Aaron was appointed to the Florida Public Employees Relations Commission (PERC) by DeSantis in 2021 as a "part-time" commissioner, and earns approximately $78K yearly from the state. He was reappointed by DeSantis in 2025 to serve until 2029. Under Florida Statute 447, members of PERC "shall not be employed by, or hold any commission with, any governmental unit in the state or any employee organization, as defined in this part, while in such office." On April 19, 2025, the Orlando Sentinel stated that Aaron became general counsel of the Greater Orlando Aviation Authority in January 2025 at a billing rate of nearly $600 per hour.

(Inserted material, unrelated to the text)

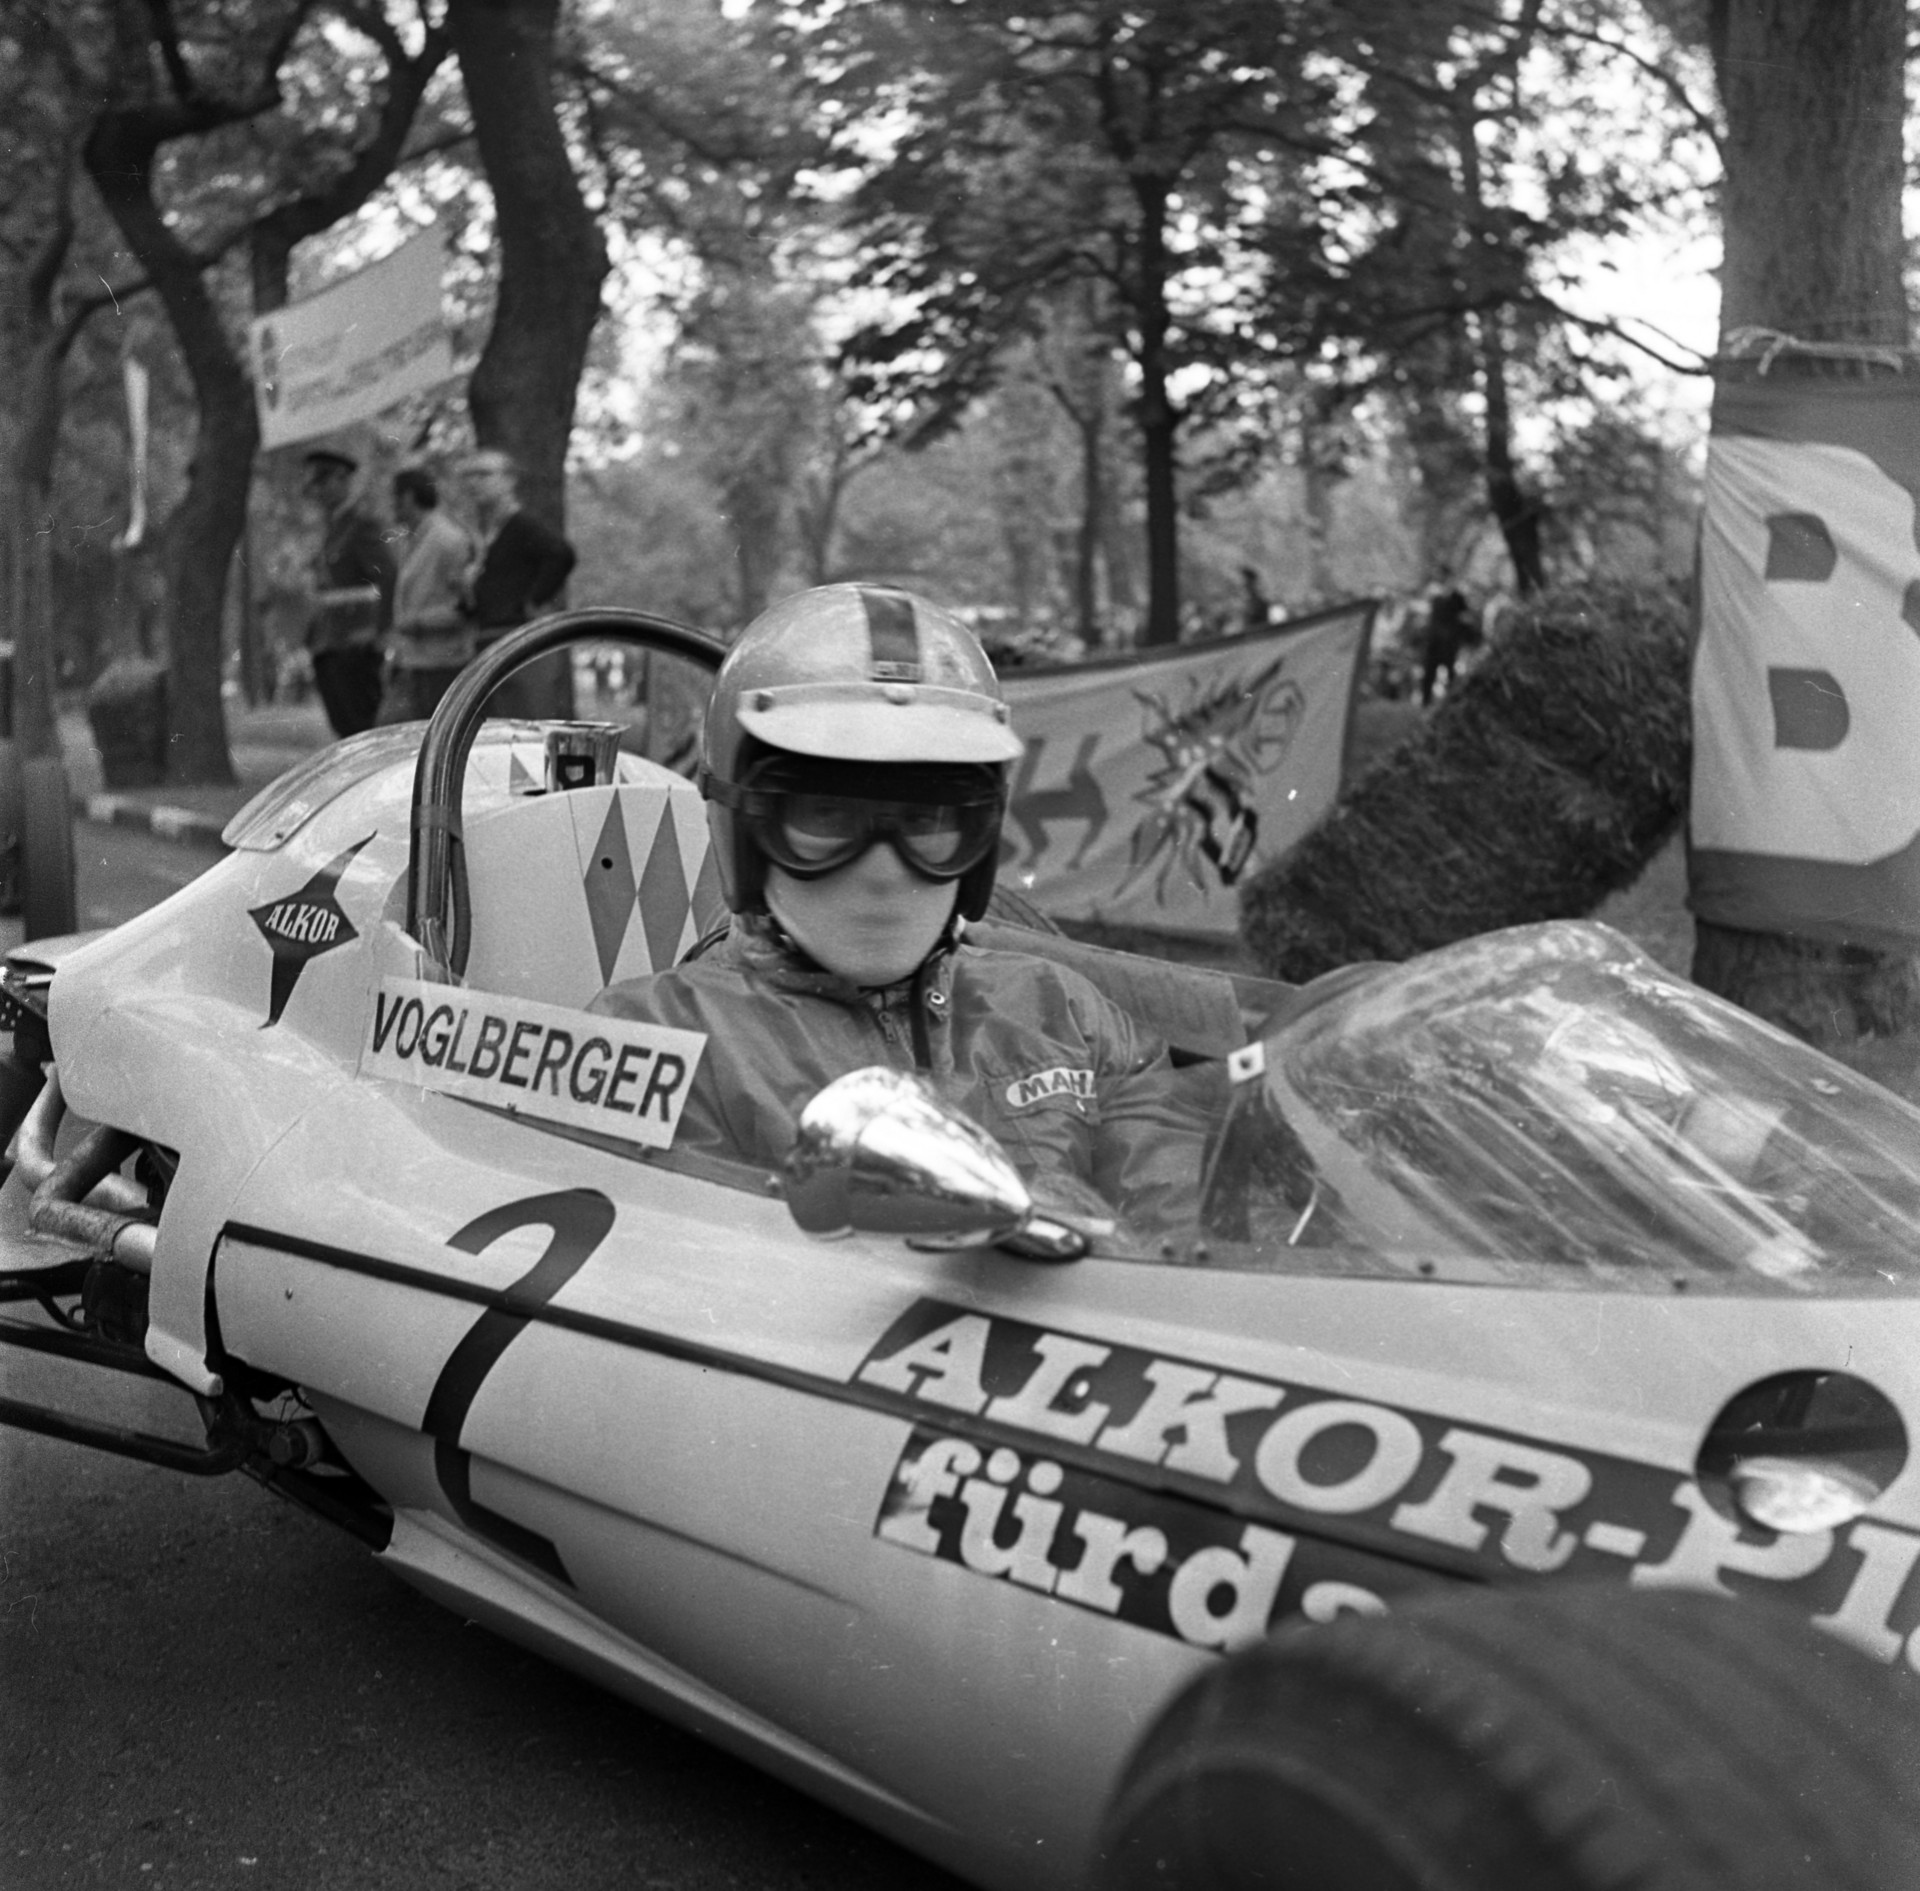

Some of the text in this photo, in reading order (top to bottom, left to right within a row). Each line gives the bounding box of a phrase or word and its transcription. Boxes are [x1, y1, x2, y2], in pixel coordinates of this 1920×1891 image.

[264, 903, 340, 944] ALKOR
[371, 991, 687, 1122] VOGLBERGER
[421, 1187, 617, 1590] 2

Aaron referred to the Hope Florida controversy as "a politically motivated witch hunt."

On May 20, 2025, State Attorney Jack Campbell of the Second Judicial Circuit Court opened a criminal investigation into the allegations of money laundering and wire fraud.. A grand jury tasked with investigating the allegations completed a report in January 2026. This report was subsequently released outside of official channels and has been reported on by a number of media organizations. The grand jury did not recommend criminal charges.

===Directors===
As of 2025, the directors were Joshua Hay, Fatima Perez, Tina Vidal-Duart, Stephanie White and Wendy Nissan.